Share your dilemmas and get honest opinions from other Mumsnetters.

To think school trips have become so expensive

74 replies

Reignbunker · 11/02/2017 19:39

I would call my family comfortable working class, we have 3 kids, 2, 11 year old boys and 1 14 year old girl.

As they've grown older, school trips have just gotten fancier. Perhaps it's because they attended a small rural primary school but the most expensive trips then were about £300 per child for the whole year, this includes, a week away and days out throughout the year.

When DD started Secondary, they had a yearly trip abroad during Easter between £500-750, DD has gone twice as the other two years we simply couldn't afford it.

This year we have 3 children attending secondary & DH and I decided last year that we'd let all three go abroad and have a week off at home as our holiday for the year.

After quite a difficult year, we've managed to save up £2460 for their trip. This may not seem like a lot but it was bloody hard work, saving so much.

We received the letter about this years trip abroad for Easter and it's a week of skiing in Quebec, Canada for £1300 per child!

That amounts to £3900 all together, which is £1440 more than we can currently afford.

It was quite a shock & a disappointment but theirs no way we can afford it, we've decided to save up some more and spend the money on a holiday abroad during the summer instead.

I'm really disappointed & surprised, this is a regular comprehensive secondary, I doubt most of the kids will be able to go, the two times DD went only 20-30 kids out of her entire year went, but perhaps I'm just letting my feelings cloud my judgement.

OP posts:
Love51 · 11/02/2017 20:19

I feel a sense of group responsibility. I chose my 6th form because I got an almost 3 week exotic trip to another continent for £400 in the late 90s. It was a great introduction to travel, as my parents weren't in a position to take us away far or often. So if kids are choosing schools for the trips, schools will offer 'wow' trips.

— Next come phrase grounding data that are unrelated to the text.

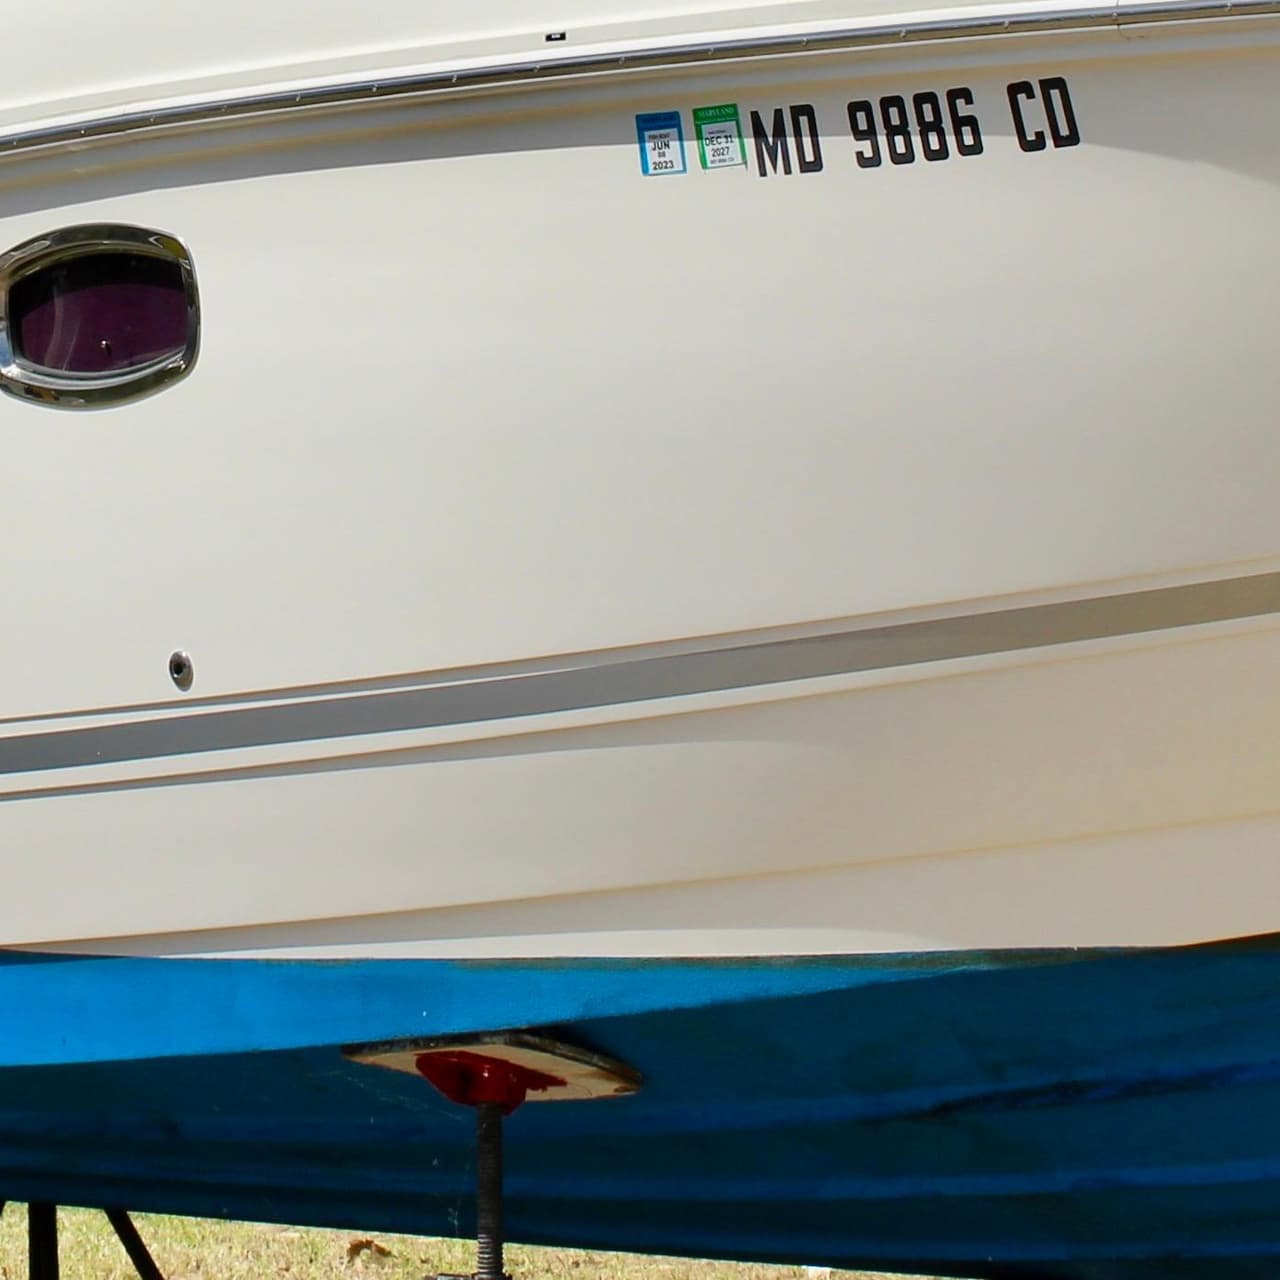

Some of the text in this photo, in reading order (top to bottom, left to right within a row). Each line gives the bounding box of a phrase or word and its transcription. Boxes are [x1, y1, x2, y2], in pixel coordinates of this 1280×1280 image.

[750, 77, 1081, 177] MD 9886 CD
[651, 140, 670, 151] JUN
[705, 136, 723, 147] DEC
[711, 146, 731, 157] 2027
[652, 160, 674, 170] 2023
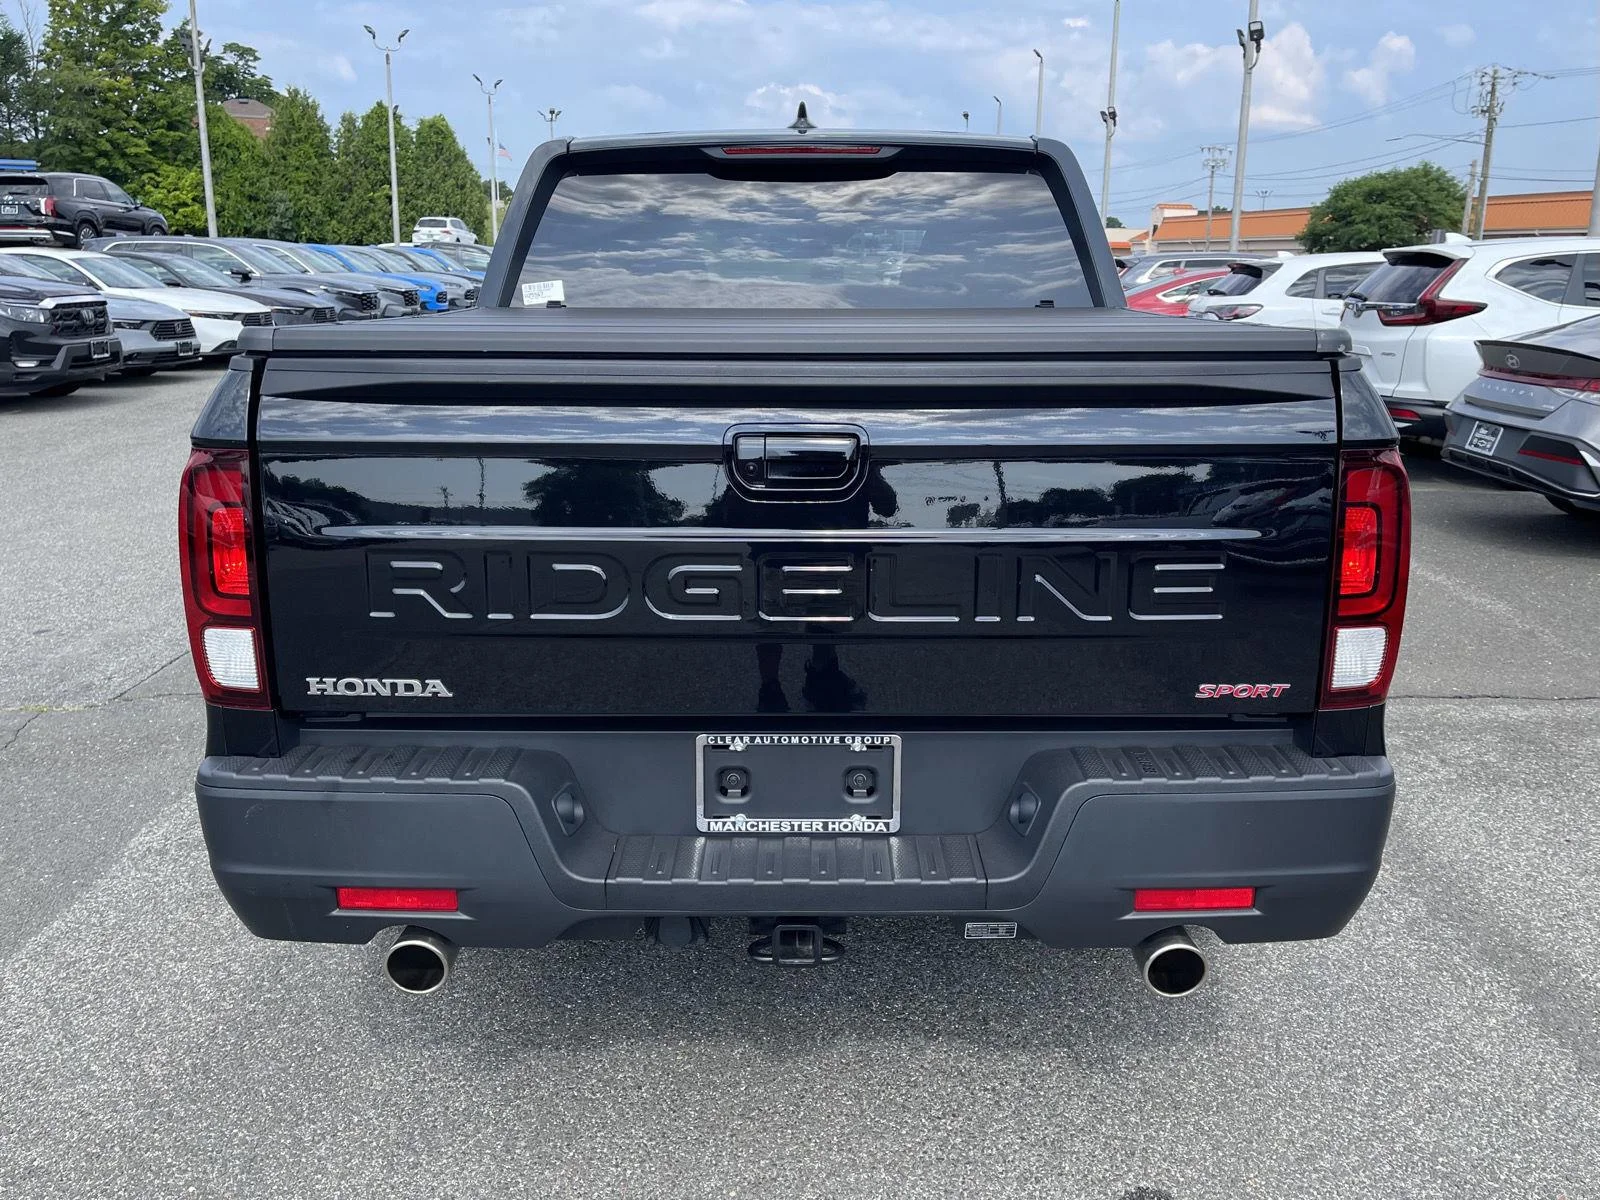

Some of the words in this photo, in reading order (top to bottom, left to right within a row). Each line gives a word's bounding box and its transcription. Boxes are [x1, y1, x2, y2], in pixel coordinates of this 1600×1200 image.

[366, 551, 1226, 622] RIDGELINE
[305, 677, 453, 698] HONDA
[1195, 683, 1291, 698] SPORT
[707, 736, 750, 744] CLEAR
[754, 736, 840, 744] AUTOMOTIVE
[844, 736, 891, 744] GROUP
[709, 821, 824, 832] MANCHESTER
[828, 821, 888, 832] HONDA
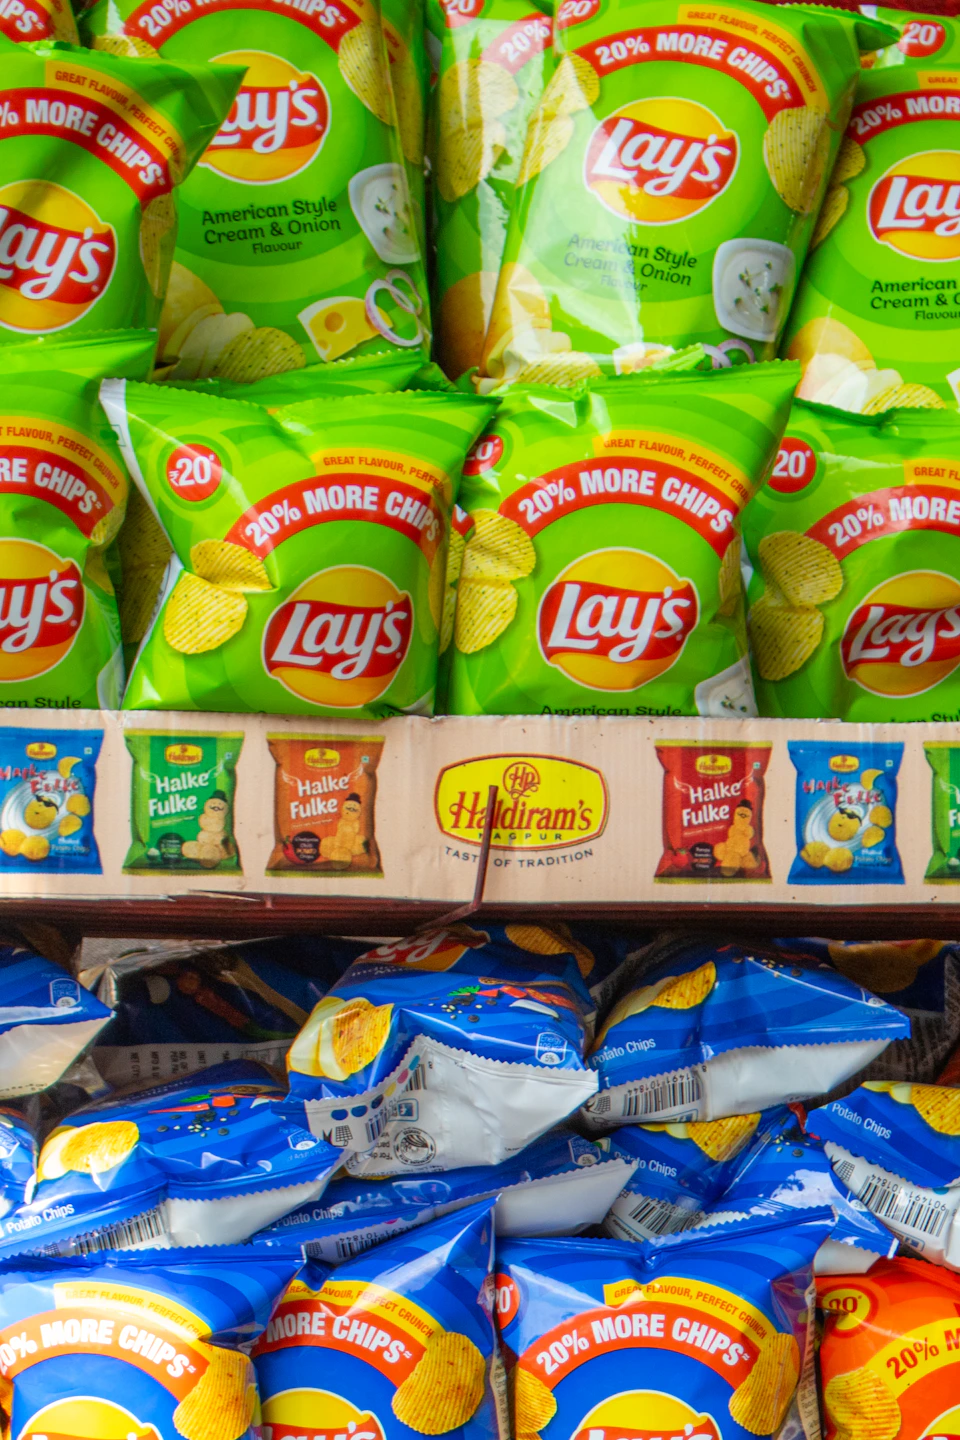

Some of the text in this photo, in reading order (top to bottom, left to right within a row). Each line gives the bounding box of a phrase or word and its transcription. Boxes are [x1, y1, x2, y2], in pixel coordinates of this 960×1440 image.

I'm now trying to work out now much 400 in late 90s would be in todays money. No idea how!

TeenAndTween · 11/02/2017 20:25

Is this the only school trip offered? Do they not offer a variety eg language trips or a geography trip to Iceland?

My DD1 went on 3 abroad trips in secondary, but they were all subject related, not just holidays. We didn't send her on holidays such as skiing or water sports. We will do the same for DD2 - send her on trips related to academics but not expensive holidays.

The largest number on a trip is the y7 one to Paris, they take 90 which is around 1/3 of the year group. Most other trips are only 20-30 kids at most. So it is definitely not being 'left out' or peer pressure to attend.

SpaghettiMeatballs · 11/02/2017 20:30

I think you are right to spend the money on a family holiday. We are very comfortable and I wouldn't dream of spending £4K on school trips.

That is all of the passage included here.